Detroit once had 1.85 million inhabitants. Now it has fewer than 740,000. Cleveland and St. Louis, too, are half the size they were in 1950. Across the Atlantic, Liverpool and Leipzig are also dramatically smaller. When so many cities are booming, why are some trapped in decline?

Cities naturally rise and fall as technologies change. Detroit and the other cities of the Great Lakes established themselves as agricultural transport hubs before the Civil War. Afterward, they enjoyed a second growth spurt when American industry settled along waterways for easy access to raw materials such as iron ore. But their geographical advantages eroded over the course of the 20th century as the real cost of moving a ton a mile by rail dropped by more than 90 percent. Manufacturers relocated to lower-wage areas such as the South.

Every older city was hit by the deindustrialization tsunami. Garment production in New York City was hammered even more savagely. Forty years ago two wags put up the sign, “Will the last person leaving Seattle—turn out the lights,” when Boeing’s cutbacks seemed to imperil the city.

Economic decline was often accompanied by social unrest, including the 1967 Detroit riot that destroyed more than 2,000 buildings. Social fractures often came to dominate politics as well. Detroit mayors Roman Gribbs and Coleman Young were seen as representing particular groups rather than the city as a whole. Some leaders, such Boston’s legendary Mayor James Michael Curley, may have actually welcomed the flight of population groups that opposed their leadership.

The surprising fact is not that cities decline but that they manage to reinvent themselves. Today Seattle is practically synonymous with information-age success. New York, Boston and Minneapolis have also come back. The main reasons appear to be education and entrepreneurship.

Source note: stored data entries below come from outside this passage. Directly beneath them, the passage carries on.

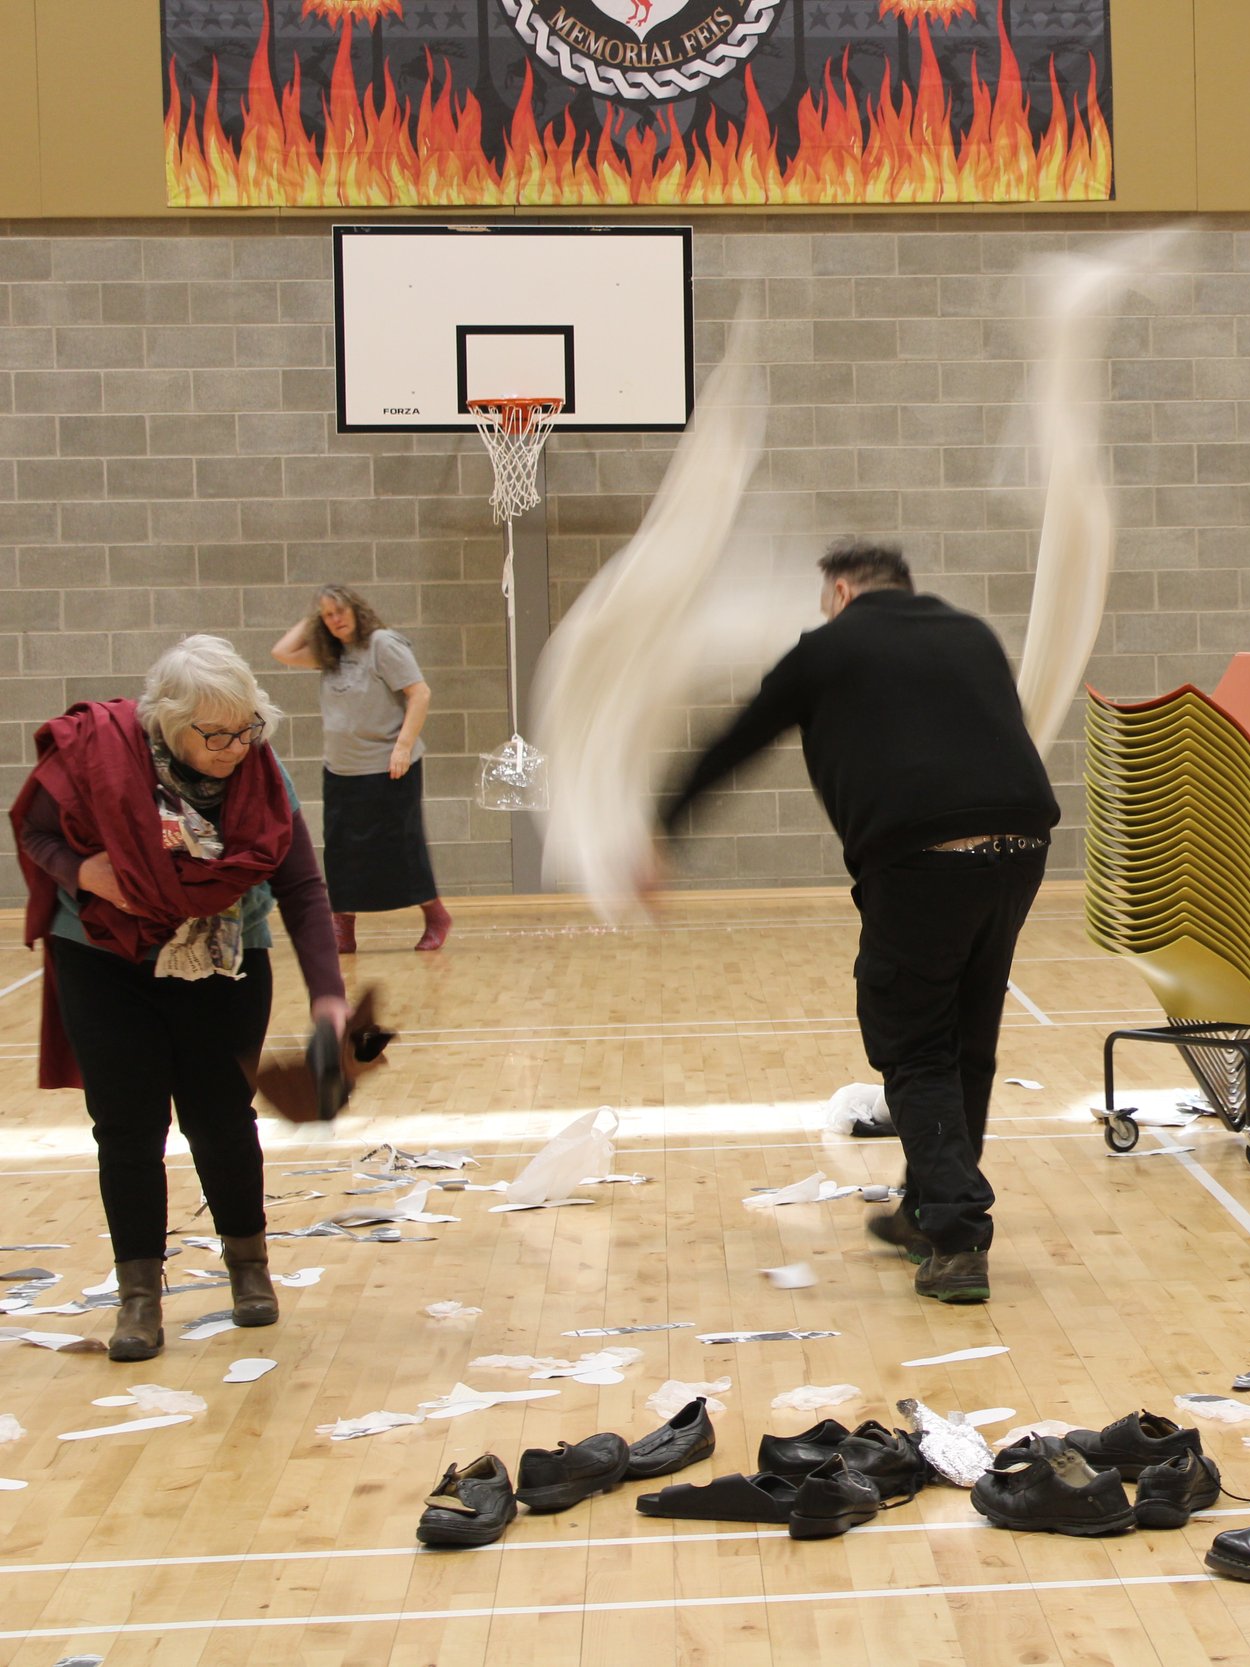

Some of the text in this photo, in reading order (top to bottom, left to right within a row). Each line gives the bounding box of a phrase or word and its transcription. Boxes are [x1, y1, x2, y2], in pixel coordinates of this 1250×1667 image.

[547, 6, 733, 67] MEMORIAL FEIS
[383, 407, 420, 415] FORZA
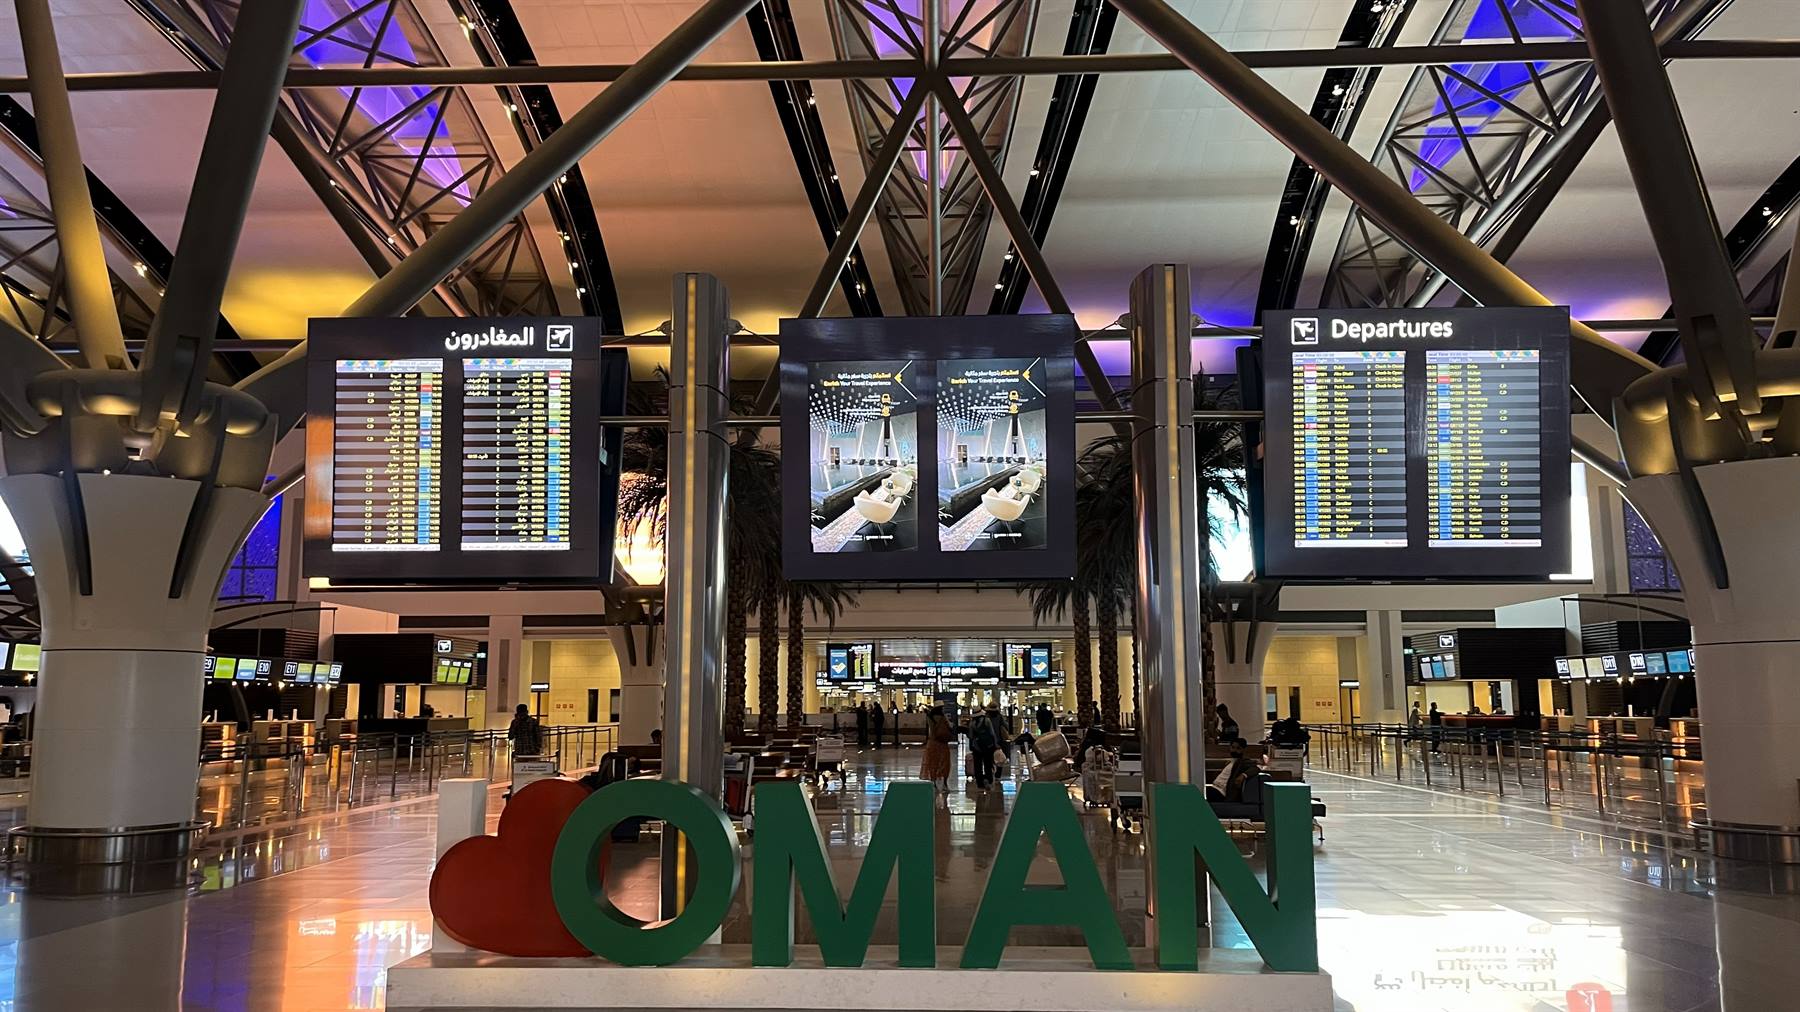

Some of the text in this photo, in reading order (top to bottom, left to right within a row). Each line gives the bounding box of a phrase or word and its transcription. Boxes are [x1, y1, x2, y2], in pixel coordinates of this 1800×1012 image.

[445, 326, 534, 351] المغادرون
[1330, 319, 1453, 343] Departures
[260, 664, 270, 672] E10
[286, 664, 296, 674] E11
[1632, 657, 1644, 667] D10
[552, 780, 1318, 972] OMAN

In the metropolitan areas of the Northeast or Midwest, where fewer than 7.5 percent of adults had college degrees in 1970, the population grew by 8 percent between 1970 and 2000. Where more than 15 percent had college degrees, the population grew by 53 percent. Before 1970 growth was correlated more with high school graduation rates than with college achievement; after 1970 college became the deciding factor. Boston is doing about as well as its education level would predict, and so is Buffalo.

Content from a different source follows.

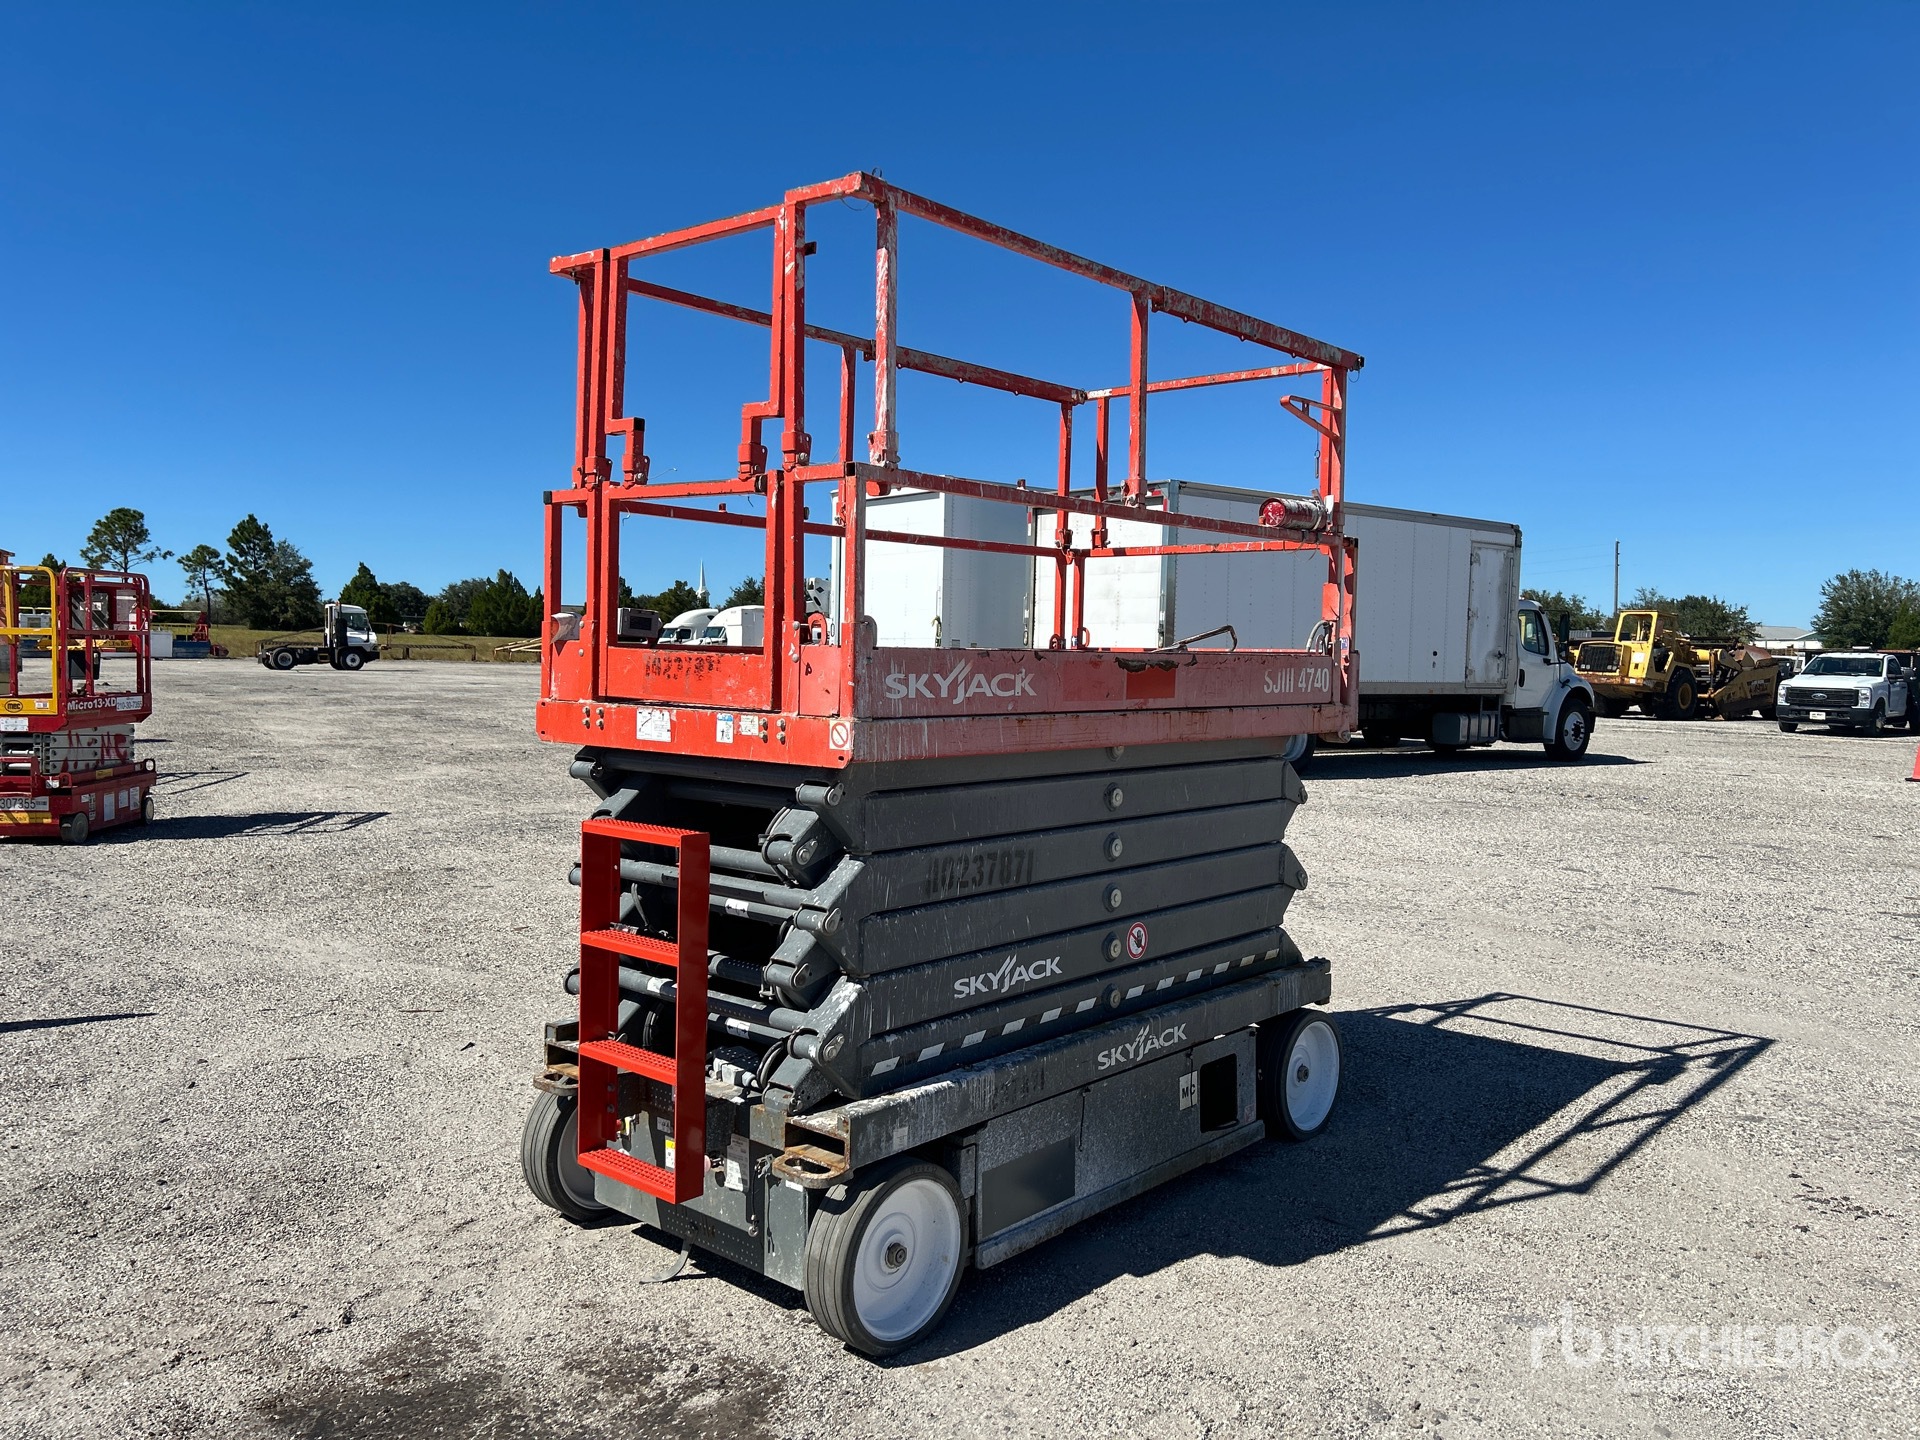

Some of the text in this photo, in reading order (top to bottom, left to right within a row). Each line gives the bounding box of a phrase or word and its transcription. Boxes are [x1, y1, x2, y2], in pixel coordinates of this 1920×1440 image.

[885, 658, 1037, 704] SKYJACK
[1298, 668, 1329, 692] 4740
[953, 954, 1063, 999] SKYJACK
[1097, 1022, 1187, 1070] SKYJACK

Are educated cities more successful, or do successful cities simply attract educated people? Historical records provide one way to answer that question. They reveal that the educational level of a city’s population does not change much with time. The percentage of adults with a college degree as of 1940 correlates strongly with education levels in 1970 and today—and also with high incomes and population growth in recent decades, especially in the Northeast and the Midwest. The presence of a land-grant college in a metropolitan area before 1940 is associated with higher earnings and faster growth today. Thus, education seems to beget success rather than the other way around.

A culture of entrepreneurship also helps. Proxies for entrepreneurial energy, such as the share of employment in start-ups and the average firm size, correlate with successful urban reinvention. As with education, entrepreneurship appears to precede success. Cities with comparatively low entrepreneurship in 1900, such as those dominated by big companies in mining or manufacturing, continue to have comparatively low entrepreneurship—they are still dominated by big companies in export-oriented services, which have lagged economically, even in growing areas of the South and West.

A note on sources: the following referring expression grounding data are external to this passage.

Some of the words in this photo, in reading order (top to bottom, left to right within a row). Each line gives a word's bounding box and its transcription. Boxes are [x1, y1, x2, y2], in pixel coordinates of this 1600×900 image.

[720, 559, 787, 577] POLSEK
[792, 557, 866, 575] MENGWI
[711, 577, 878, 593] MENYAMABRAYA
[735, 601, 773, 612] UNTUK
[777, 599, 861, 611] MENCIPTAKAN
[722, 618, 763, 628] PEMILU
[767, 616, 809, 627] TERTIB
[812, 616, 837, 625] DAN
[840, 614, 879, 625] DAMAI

Sadly, it is only fairly recently that planners came to appreciate the importance of education. For much of the past half a century, the federal government pushed declining cities to undertake construction and transportation projects, which are not fixes for decline. I have looked for connections between urban-renewal policies and urban resurgence and found none. The futuristic Detroit People Mover glides over desolate streets. Skills, not structures, are the best antidote against urban failure.